1. The Real Problem: Database Decisions Are Usually Made Too Late 2. Mental Model: Decision as Constraint + Bet + Recovery Plan 3. Decision Levels

PrevNext

Lesson 8184 lesson track70–84 Final Stretch

#database#architecture#decision-framework#adr+7 more

Part 081 — Database Architecture Decision Framework

Target pembelajaran: mampu memilih, menjustifikasi, mengkritik, dan mempertahankan keputusan arsitektur database secara sistematis. Bukan berdasarkan selera engine, bukan berdasarkan hype, bukan berdasarkan “tim sebelumnya pakai ini”, tetapi berdasarkan authority, invariant, workload, consistency, evolution, operational capability, risk, dan cost of change.

Database architect yang kuat bukan orang yang selalu memilih PostgreSQL, MongoDB, Cassandra, Spanner, DynamoDB, Elasticsearch, atau warehouse tertentu.

Database architect yang kuat adalah orang yang bisa menjawab:

data mana yang menjadi truth;
invariant mana yang wajib dijaga;
operasi mana yang harus atomic;
query mana yang latency-sensitive;
data mana yang boleh stale;
perubahan schema mana yang akan sering terjadi;
failure mana yang paling mahal;
siapa yang mengoperasikan sistem saat incident;
kapan keputusan ini harus diubah;
bagaimana membuktikan keputusan ini benar setelah production berjalan.

Framework ini adalah sintesis dari semua part sebelumnya. Anggap ini seperti decision operating system untuk database architecture.

1. The Real Problem: Database Decisions Are Usually Made Too Late

Banyak tim membuat keputusan database setelah mereka sudah punya:

beberapa entity class;
beberapa endpoint;
beberapa query;
beberapa migration;
beberapa report;
beberapa integrasi;
beberapa production incident.

Pada titik itu, keputusan sudah terjadi, hanya belum ditulis.

Contoh:

"Kita pakai JSONB dulu, nanti kalau stabil dinormalisasi."

Itu bukan temporary shortcut. Itu keputusan arsitektur.

"Report langsung query database production saja, datanya belum besar."

Itu bukan quick win. Itu keputusan workload isolation.

"Access control dicek di service saja."

Itu bukan simplifikasi. Itu keputusan security boundary.

"Event dikirim setelah insert berhasil. Kalau publish gagal, retry dari app."

Itu bukan detail implementasi. Itu keputusan consistency antara database dan event bus.

Keputusan database jarang gagal karena engineer tidak tahu teknologi.

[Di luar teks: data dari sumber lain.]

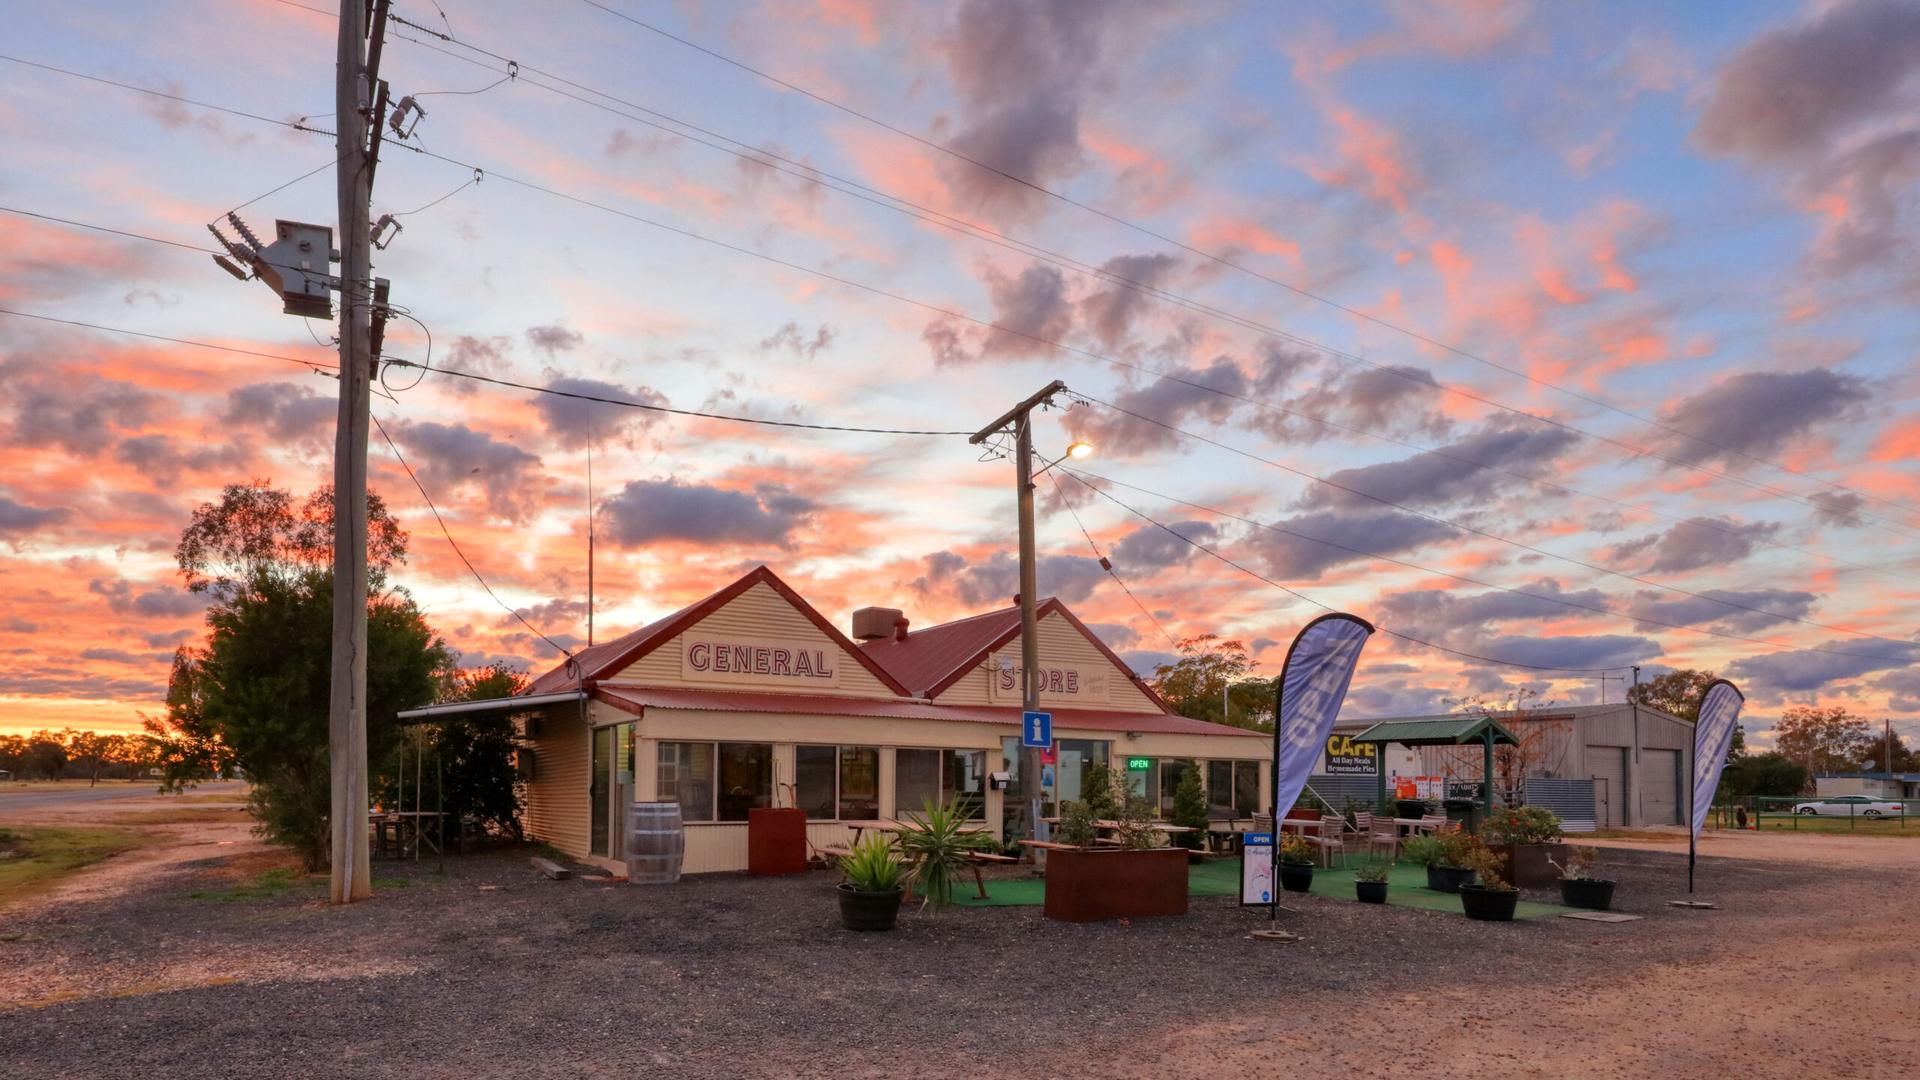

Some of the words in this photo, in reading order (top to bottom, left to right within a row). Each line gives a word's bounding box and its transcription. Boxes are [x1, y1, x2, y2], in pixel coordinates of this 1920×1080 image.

[688, 641, 833, 679] GENERAL
[1129, 759, 1149, 769] OPEN
[1341, 757, 1352, 765] Day

Ia gagal karena tradeoff tidak dibuat eksplisit.

A database architecture decision that is not written down still exists. It is just harder to review, harder to test, and harder to reverse.

2. Mental Model: Decision as Constraint + Bet + Recovery Plan

Setiap keputusan database punya tiga komponen.

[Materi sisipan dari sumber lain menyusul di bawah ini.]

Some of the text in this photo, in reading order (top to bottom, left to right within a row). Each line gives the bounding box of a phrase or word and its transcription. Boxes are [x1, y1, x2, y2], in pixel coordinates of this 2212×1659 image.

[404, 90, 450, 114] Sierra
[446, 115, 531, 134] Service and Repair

Komponen	Pertanyaan	Contoh
Constraint	Apa yang wajib benar?	Satu case hanya boleh punya satu active investigator
Bet	Apa yang kita asumsikan akan terjadi?	Volume case per tenant tidak akan melebihi 10 juta per tahun
Recovery plan	Jika bet salah, apa jalur keluar?	Tenant besar bisa dipindah ke dedicated database

Keputusan yang matang bukan keputusan yang tidak punya risiko. Keputusan matang adalah keputusan yang risikonya dikenal, diamati, dan punya escape hatch.

Example decision:

Decision:
Use PostgreSQL as canonical store for case-management data.
Use OpenSearch as search projection, not source of truth.
Use warehouse/lakehouse for analytical reports.

Constraint:
Case transitions, assignment uniqueness, decision audit, and evidence lifecycle must be transactionally protected.

Bet:
Operational query workload remains OLTP-shaped; search and analytics are projection workloads.

Recovery:
If search projection falls behind, operational writes continue; search freshness SLO degrades but case truth remains safe.
If analytics grows, warehouse scales independently.

3. Decision Levels

Jangan mencampur semua keputusan ke dalam satu diskusi “pakai database apa?”.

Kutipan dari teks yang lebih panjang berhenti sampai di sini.